They knew from a friend that I had studied the publishing industry extensively before publishing my first book, and wondered my thoughts on writing and publishing.  The following is my reply.

——–

What a great set of questions you raise! Thanks for asking me for my input! Yes, I studied the publishing industry extensively before I put my book out. I’m thinking it might be handy to break your question into its two natural components – writing and publishing. Because they are distinctly different parts of the process.

I was surprised when I went to a writer’s conference in 2008 that most of the writers I talked to hadn’t finished their book. One woman was even going to use her 10 minute meet with a New York agent to ask which direction she should go with her plot. What the speakers said several times in the conference was before you present your book to agents or publishers, you would be well served to have it already written, and as edited and polished as you could get it.

So what I’m suggesting from that is that before you look into the publishing part, it might be best to get your book written and cleaned up as spiffy as you can make it.
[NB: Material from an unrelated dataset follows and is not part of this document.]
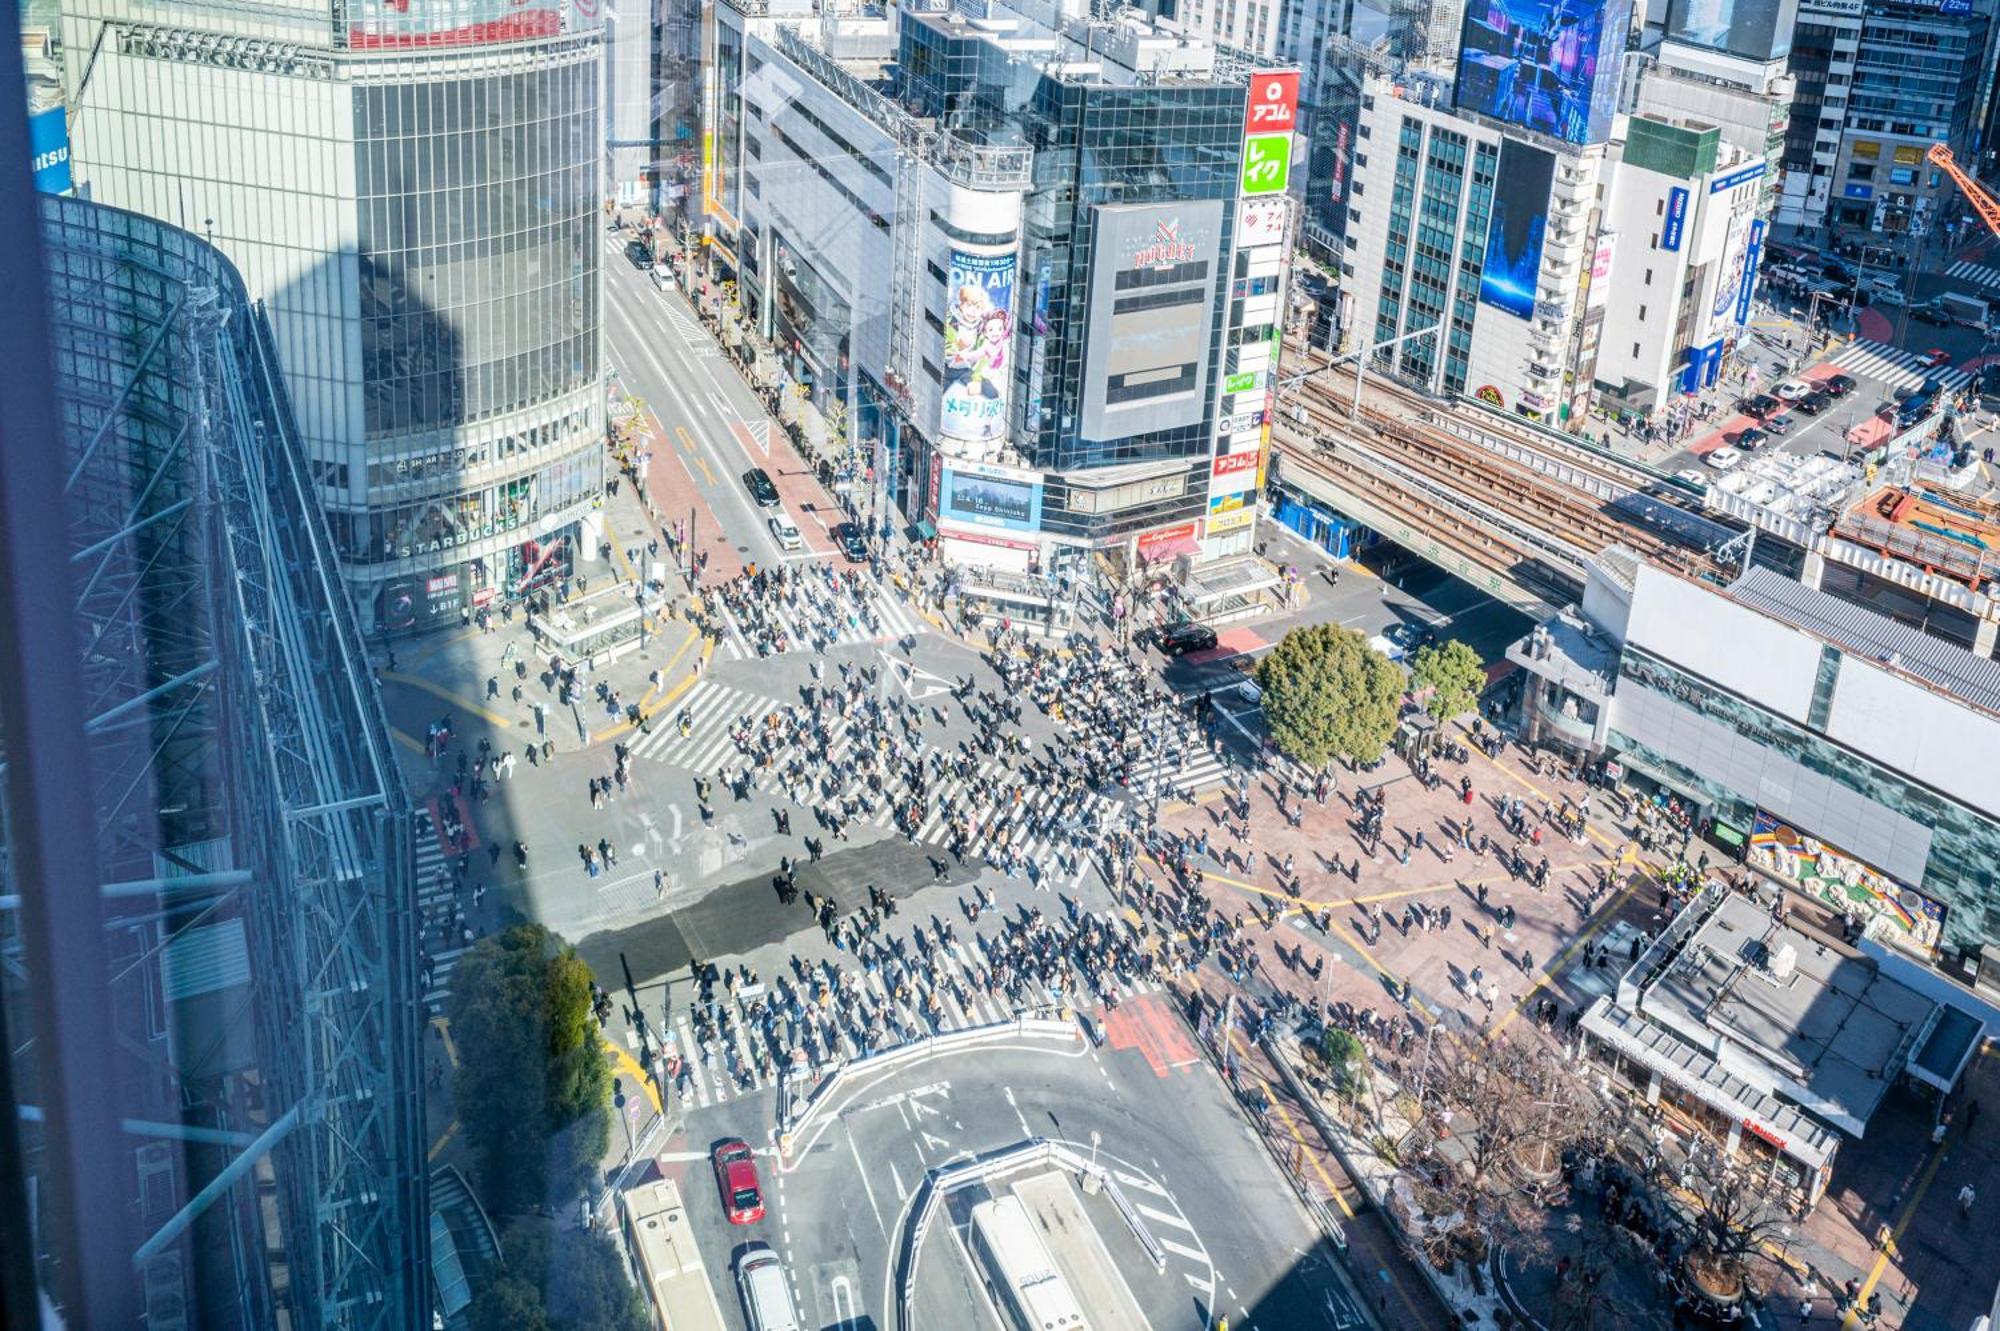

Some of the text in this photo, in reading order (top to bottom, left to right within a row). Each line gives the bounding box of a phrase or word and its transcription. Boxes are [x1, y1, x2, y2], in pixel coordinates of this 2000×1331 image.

It’s like they talk about in the 12 step programs, when you’re going to take a personal inventory – really study your life with an eye to improvement. The next step in the process is to share it with someone (like confession) – actually read it out loud. They suggest you not look ahead to who you’re going to do that with, because it will flavor how you write your inventory.

And if you look ahead to publishing, you might overwhelm or discourage yourself into not finishing the book. Once you get the book finished, then you’ll be a lot more comfortable investigating how to release it to the world.

Now, about publishing. I have an MBA and a Marketing degree, and I threw those into the project of investigating publishing. I did a lot of research on the industry, went to several writer’s conferences, and looked at the options very seriously. Here’s what seems to have changed in recent years – many of the traditional publishers have been bought out by large conglomerates, and the publishing arm is no longer considered a very vital profit center, so those houses don’t get as much financial support. Which translates to “let’s be very cautious and look for the next big book like the last one which did well.” They’re not very risk taking.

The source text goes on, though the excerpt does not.